In the aftermath, for Miami’s tech scene, “it’s not going to be quite as easy as it’s been the past year and a half,” said Scott Kimball, chief investment officer of Miami-based Loop Capital Asset Management. “When you talk about the tech or finance industries at the systemic level, you can’t operate in a silo.”

In addition to the stress and disruption of the past three weeks, tech startups face other likely financial challenges, according to investors, analysts, and founders.

“[This] will make things harder,” Flamingo Capital’s Adamo said.

Venture capital firms will have a harder time finding investors, raising funds, and have to be more careful about which startup companies they back.

And overall, financing costs will increase, and credit will become more restrictive. “When we see these bank failures or bank stresses, credit conditions tighten for all consumers,” Kimball said.

This is all occurring during a slow start Miami startups are having so far in 2023. After the record year in 2022, in January and February Miami drew $78.6 million in venture capital financing for early-stage firms, about one-tenth of what it received in the first two months last year, according to research firm PitchBook. And the number of startups that secured venture investment deals during the past two months is only half of the number of deals in Miami in the same period a year ago. Tech startup hubs in the Bay Area, New York and Austin have also stumbled out of the gate this year.

Another spillover effect here is that SVB no longer will be sponsoring local community events around Miami.

On February 7, the city held the Black History Month Pitch Competition with co-sponsors eMerge Americas and SVB.

“We are proud to partner with eMerge and Silicon Valley Bank to present the Black History Month Pitch Competition,” Suarez said in January. “The pitch competition is an important step towards promoting diversity and inclusion in the tech industry and supporting Black entrepreneurship in Miami.”

SVB officials had committed to provide $15,000 to the startup firm winner.

Mayor Suarez said in last week’s interview he now assumes the failed bank can’t honor its financial pledge, and his office is seeking a replacement sponsor.

Erick Gavin was appointed executive director of Venture Miami in January 2022.
Erick Gavin was appointed executive director of Venture Miami in January 2022.

Erick Gavin, executive director of Venture Miami, a City Hall arm focused on growing the expanding tech sector, was present during the interview with Suarez and said city officials already are looking for another partner to make good on the $15,000 sponsorship. Gavin said, “100%” it will be covered.

Optimism amid anguish

Suarez, Gavin and others remain convinced Miami’s tech hub will prevail, remain attractive to outsiders and survive the SVB financial wreckage.

“There will be some short-term disruptions,” said Mason Williams, managing director and chief investment officer of Coral Gables Trust.

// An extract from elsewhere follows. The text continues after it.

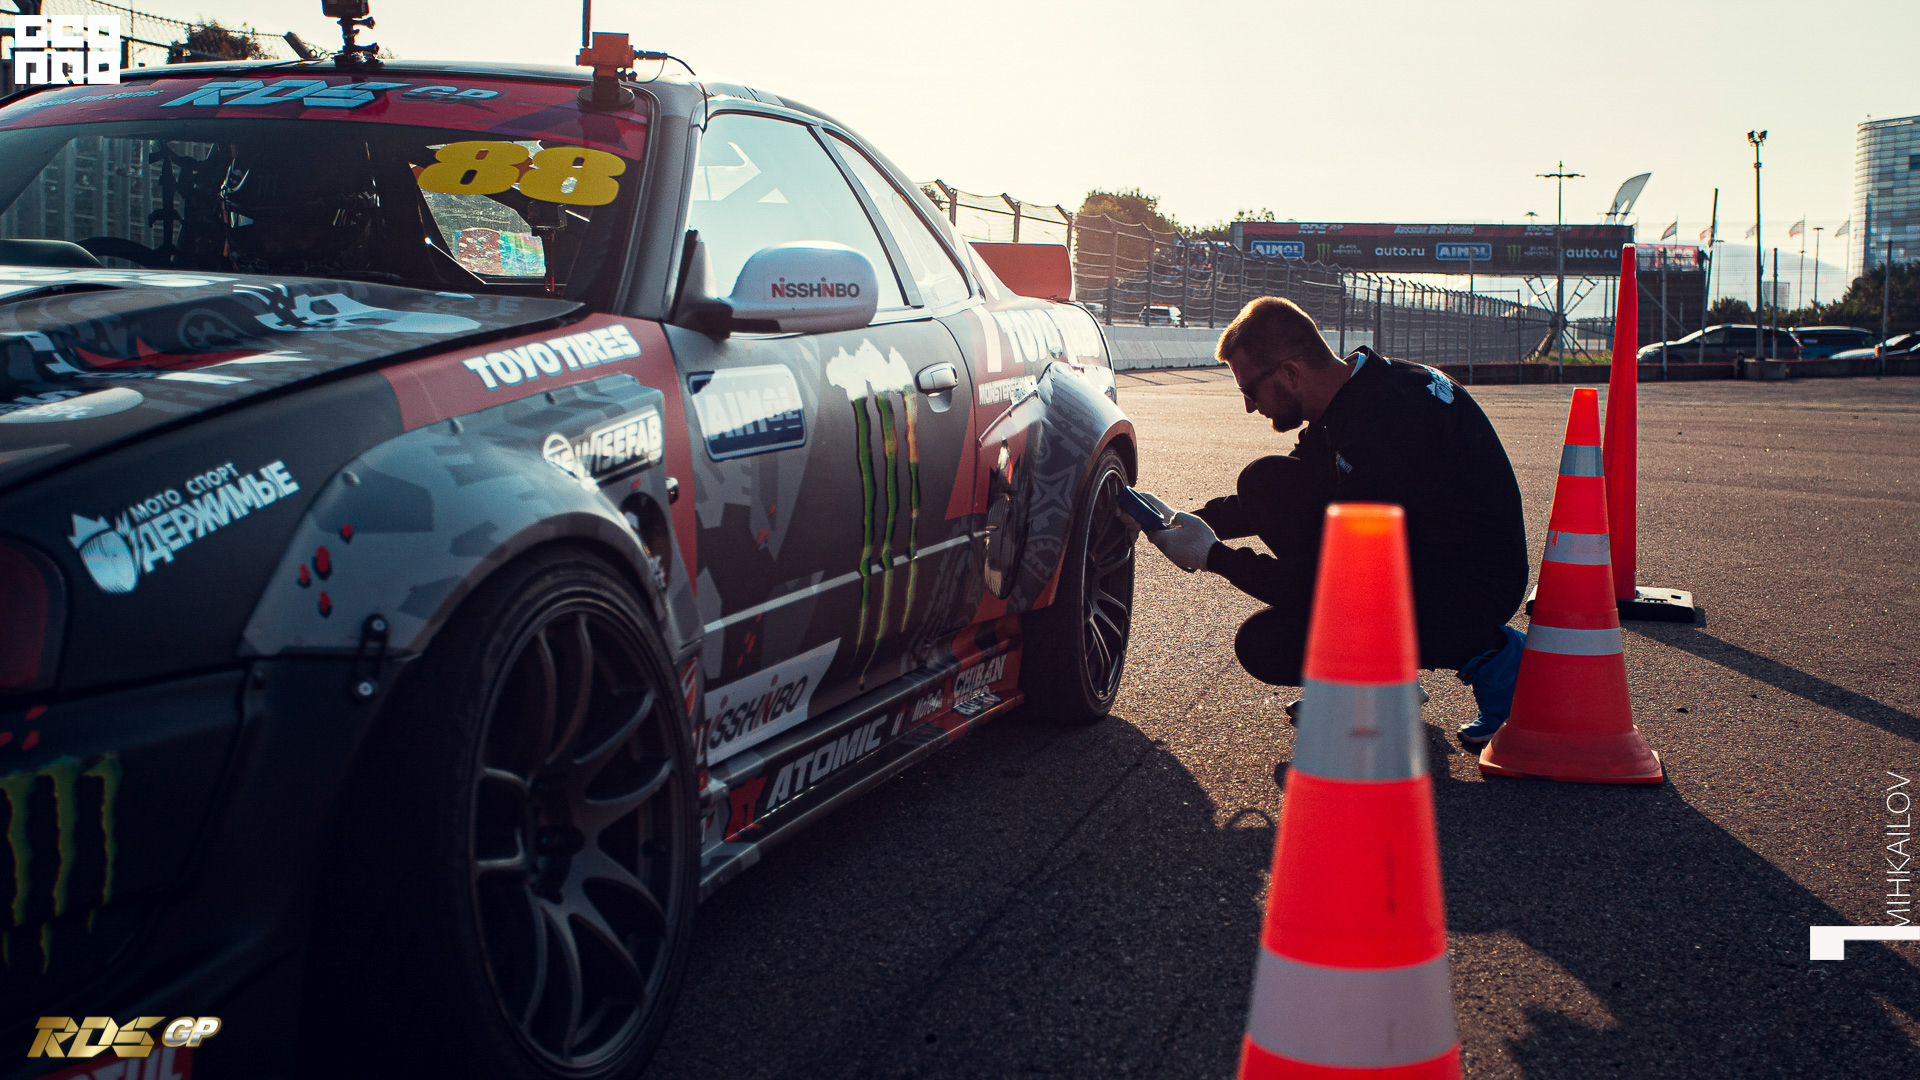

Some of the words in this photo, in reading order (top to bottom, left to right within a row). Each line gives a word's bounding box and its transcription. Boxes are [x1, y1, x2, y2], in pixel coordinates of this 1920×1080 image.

However, “Businesses are still going to flock here. I don’t think that’s going to change.”

Even Adamo, the bruised venture investor in Miami, is positive over the long haul. On March 15, the Wednesday after SVB collapsed, he returned to the weekly tech happy hour at the Freehold in Wynwood that he helped start and has become an influential gathering drawing old-timers and new arrivals in the growing innovation ecosystem.

“Overall, I’m personally not stopping my investment thesis, and my cadence has been pretty steady for the past few years,” he said.

Still, SVB’s failure offered a bitter reality that the larger Miami’s tech hub becomes, the more intertwined it will be with any financial catastrophe anywhere in the nation, and around the world. Throw in the difficult macroeconomic environment and lingering recessionary fears.

“It’s going to be difficult for any tech sector, anywhere in the global economy to not be affected by this,” Loop Capital’s Kimball said.

Adamo concurred. “We’re equally as impacted as New York or San Francisco is. That is going to be the case forever, I think.”